Supabase Sidecar Embedding Engine
This document describes the Supabase Sidecar Embedding Engine, a cost-efficient, autonomous document embedding system.
Overview
The Supabase Sidecar Embedding Engine is a production-ready embedding pipeline built natively within the Supabase ecosystem. It uses a "database-as-orchestrator" pattern with a sidecar architecture to process document embeddings at scale without requiring expensive, dedicated infrastructure.
Key Functionalities:
- Sidecar Architecture: Embeddings are stored in a separate table from the source documents, preventing table bloat and maintaining query performance.
- Database-Native Orchestration: Uses PostgreSQL extensions (
pg_cron,pg_net,pgmq) to manage the entire embedding workflow. - Autonomous Processing: A self-healing, auto-scaling system that processes embeddings continuously without human intervention.
Technology Stack:
- Supabase: The core platform, providing the PostgreSQL database, Edge Functions, and other backend services.
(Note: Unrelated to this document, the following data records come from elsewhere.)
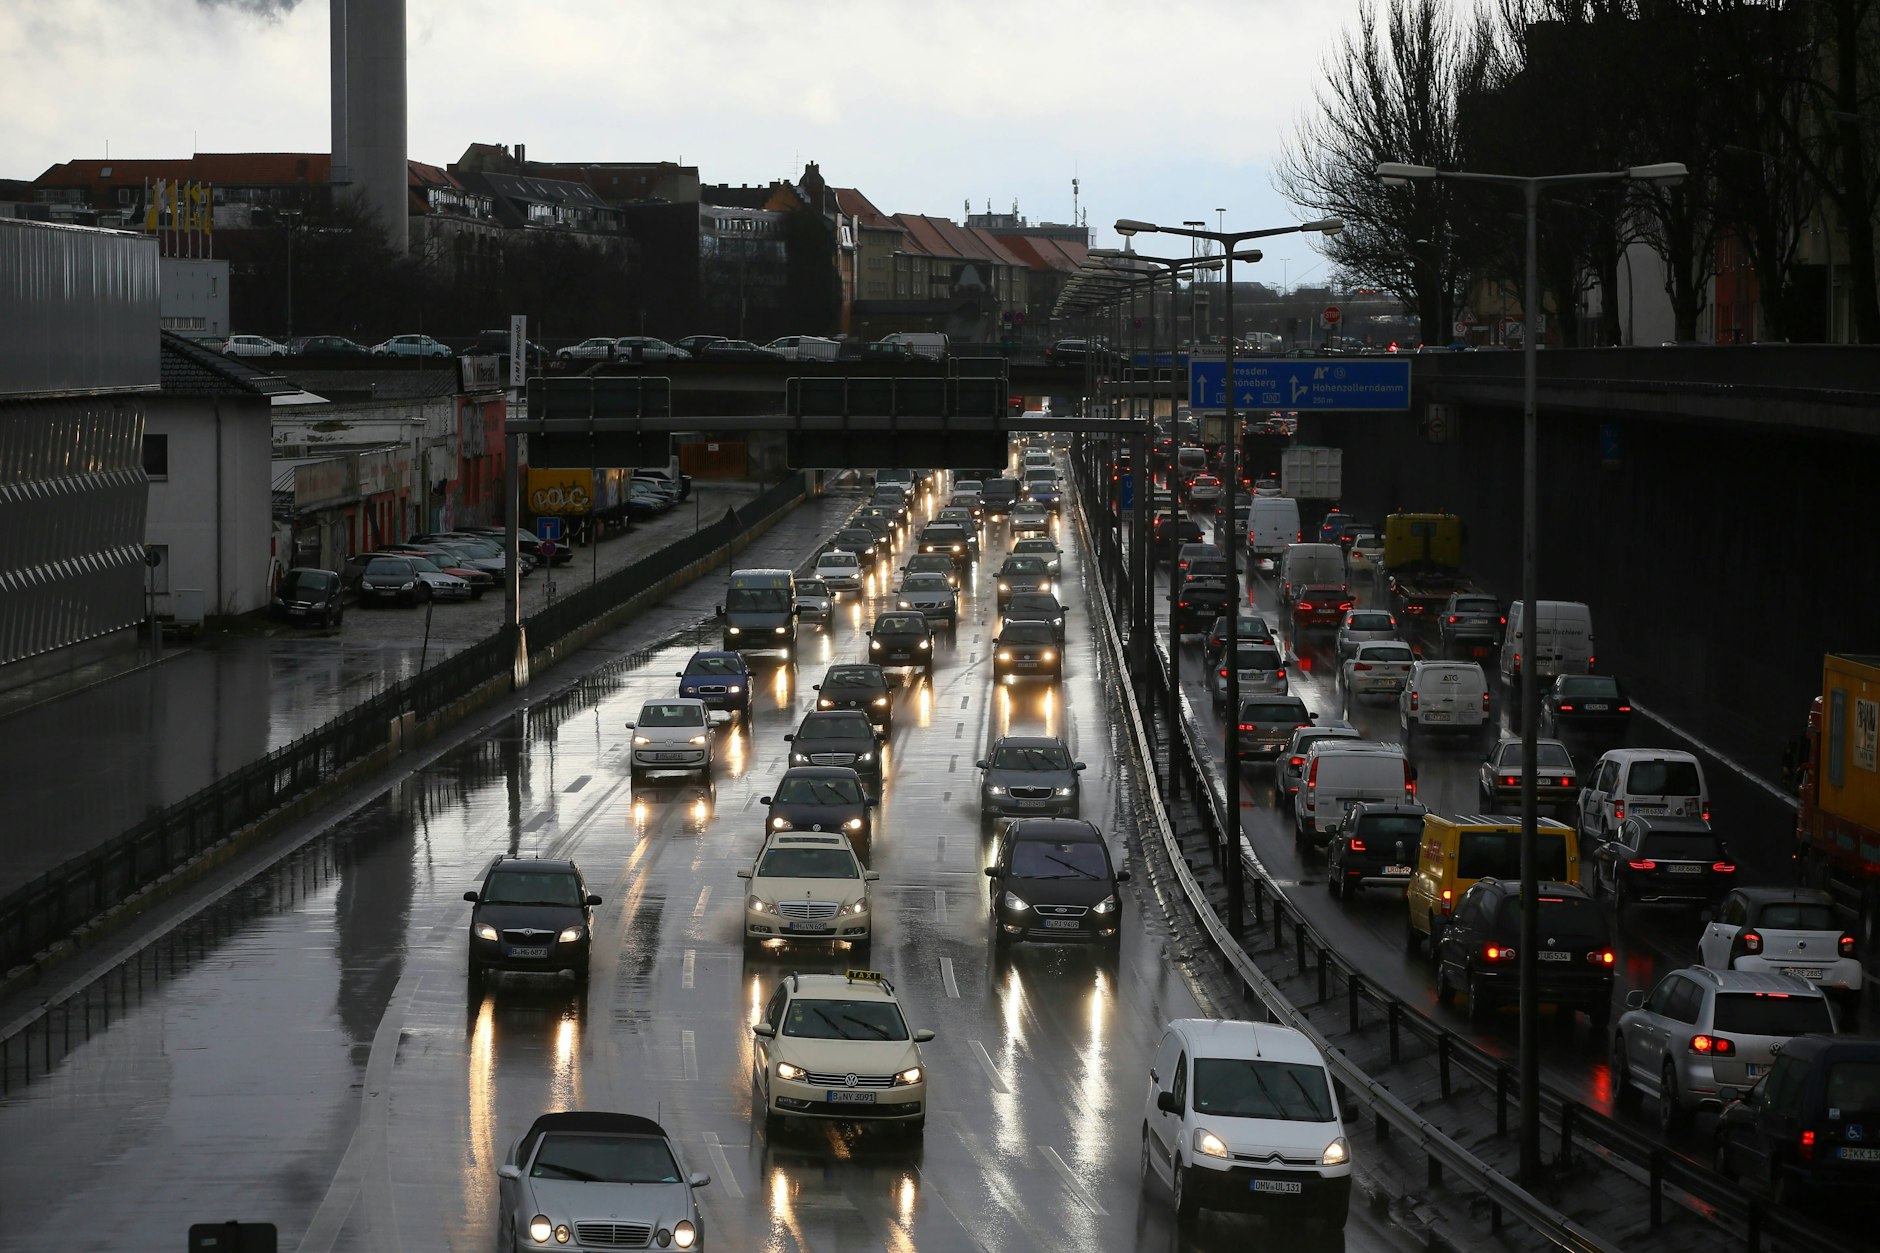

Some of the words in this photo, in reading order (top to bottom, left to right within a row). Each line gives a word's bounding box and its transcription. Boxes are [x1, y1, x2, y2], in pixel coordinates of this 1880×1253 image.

[1325, 311, 1340, 319] STOP
[1221, 377, 1276, 388] Shöneberg
[1313, 383, 1404, 392] Hohenzollerndamm
[853, 971, 876, 980] TAXI
[832, 1092, 838, 1100] B
[1841, 1148, 1848, 1157] B
[1853, 1149, 1865, 1158] KK
[1255, 1181, 1270, 1190] OHV
[1286, 1183, 1300, 1192] 131
- PostgreSQL: The database, with the
pgvector,pgmq,pg_cron, andpg_netextensions. - Deno: The runtime for the Edge Functions.
Edge Functions
process-embedding-queue
This Edge Function is the heart of the autonomous embedding system. It processes documents from the queue, generates embeddings using Supabase AI (gte-small model), and stores them in the sidecar table.
Database Schema
The database schema is defined in the supabase/migrations directory. It includes tables for source documents and document embeddings, as well as the pgmq queue.